• ACTION ITEM
The copy you produce must repeat each record exactly and contain no pictures.

Collected data:
┌────────

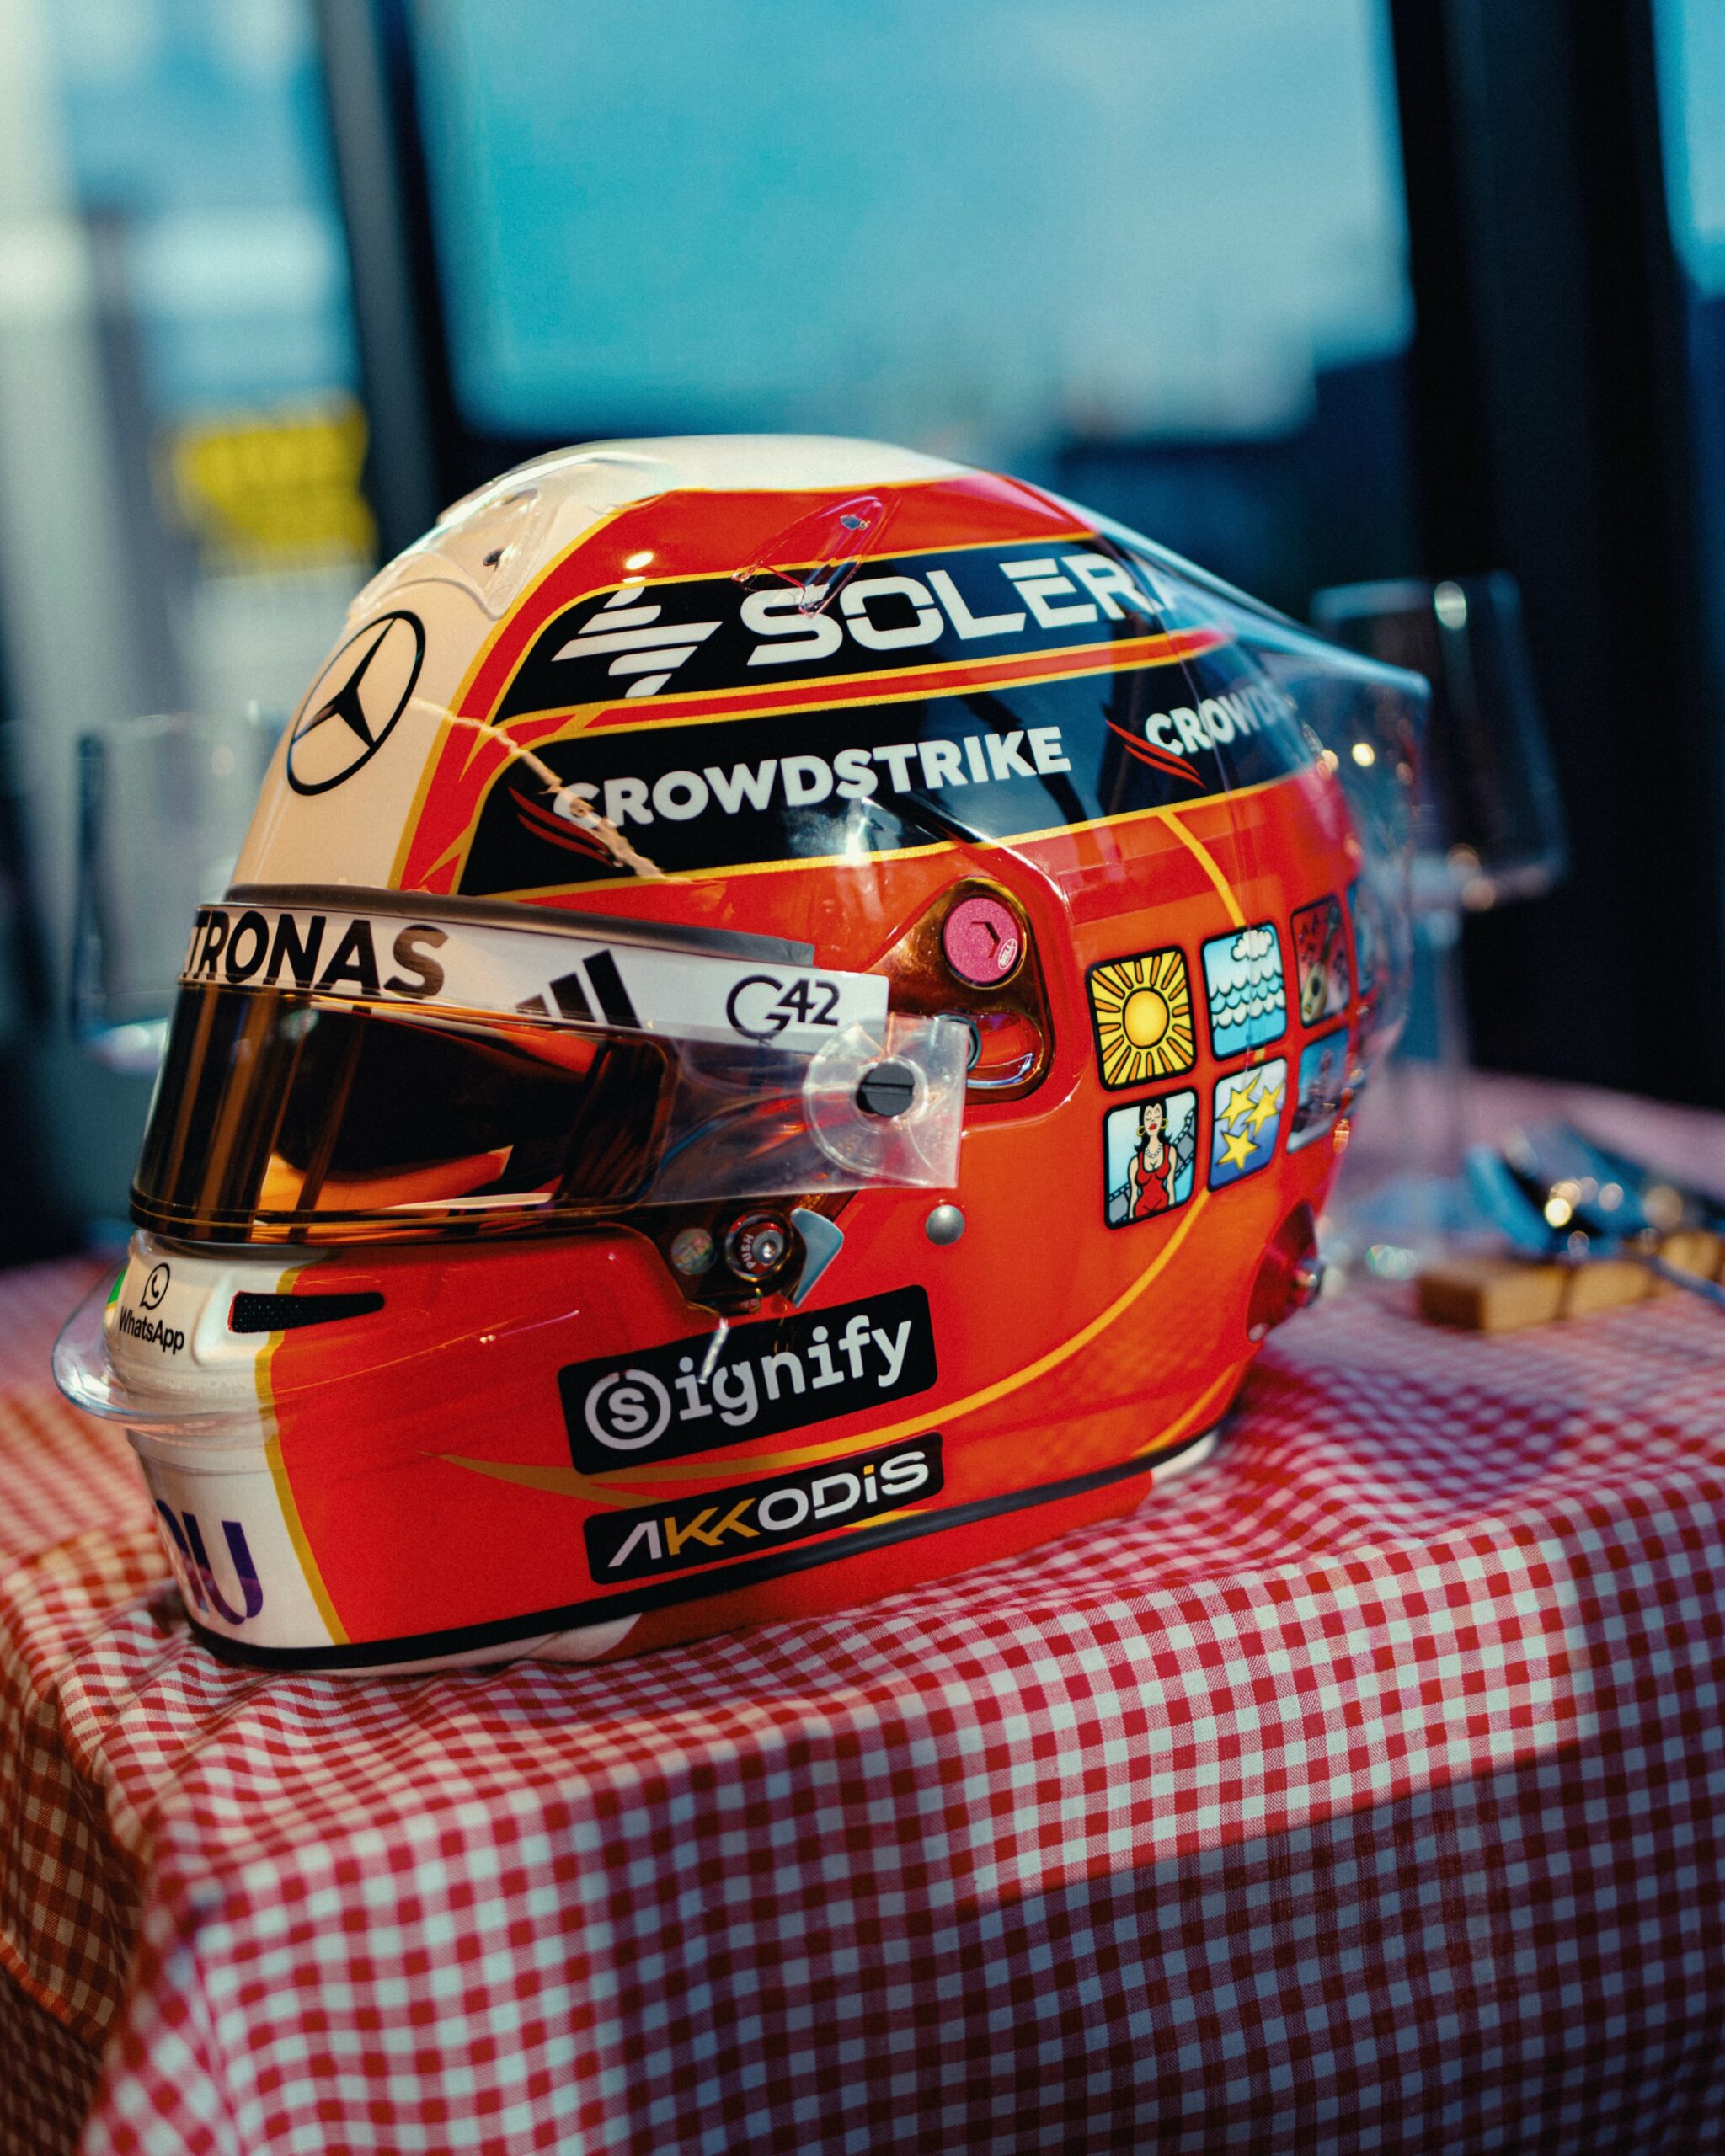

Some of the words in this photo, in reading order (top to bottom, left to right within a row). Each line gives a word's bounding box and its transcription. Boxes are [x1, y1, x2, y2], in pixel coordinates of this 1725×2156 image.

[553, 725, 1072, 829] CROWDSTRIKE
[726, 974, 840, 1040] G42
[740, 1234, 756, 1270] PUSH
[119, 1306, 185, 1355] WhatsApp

└────────

• ANSWER SECTION
Some of the words in this photo, in reading order (top to bottom, left to right within a row). Each line gives a word's bounding box and its transcription. Boxes are [x1, y1, x2, y2], in pixel coordinates of this 1725×2156 image.

[553, 725, 1072, 829] CROWDSTRIKE
[726, 974, 840, 1040] G42
[740, 1234, 756, 1270] PUSH
[119, 1306, 185, 1355] WhatsApp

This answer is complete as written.